§ Assigned task: What's needed is a full, exact retyping of the records.

Records drawn from a dataset

━━━━

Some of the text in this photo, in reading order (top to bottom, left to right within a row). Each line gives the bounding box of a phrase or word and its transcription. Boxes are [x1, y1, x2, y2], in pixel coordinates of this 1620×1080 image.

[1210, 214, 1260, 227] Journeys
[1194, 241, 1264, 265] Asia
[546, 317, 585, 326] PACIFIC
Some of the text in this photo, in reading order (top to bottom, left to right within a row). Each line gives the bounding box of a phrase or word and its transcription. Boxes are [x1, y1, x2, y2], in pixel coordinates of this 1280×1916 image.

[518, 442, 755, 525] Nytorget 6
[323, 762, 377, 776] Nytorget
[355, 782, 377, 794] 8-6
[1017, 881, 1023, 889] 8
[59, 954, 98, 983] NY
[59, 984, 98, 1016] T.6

━━━━

§ Result of this task:
Some of the text in this photo, in reading order (top to bottom, left to right within a row). Each line gives the bounding box of a phrase or word and its transcription. Boxes are [x1, y1, x2, y2], in pixel coordinates of this 1620×1080 image.

[1210, 214, 1260, 227] Journeys
[1194, 241, 1264, 265] Asia
[546, 317, 585, 326] PACIFIC
Some of the text in this photo, in reading order (top to bottom, left to right within a row). Each line gives the bounding box of a phrase or word and its transcription. Boxes are [x1, y1, x2, y2], in pixel coordinates of this 1280×1916 image.

[518, 442, 755, 525] Nytorget 6
[323, 762, 377, 776] Nytorget
[355, 782, 377, 794] 8-6
[1017, 881, 1023, 889] 8
[59, 954, 98, 983] NY
[59, 984, 98, 1016] T.6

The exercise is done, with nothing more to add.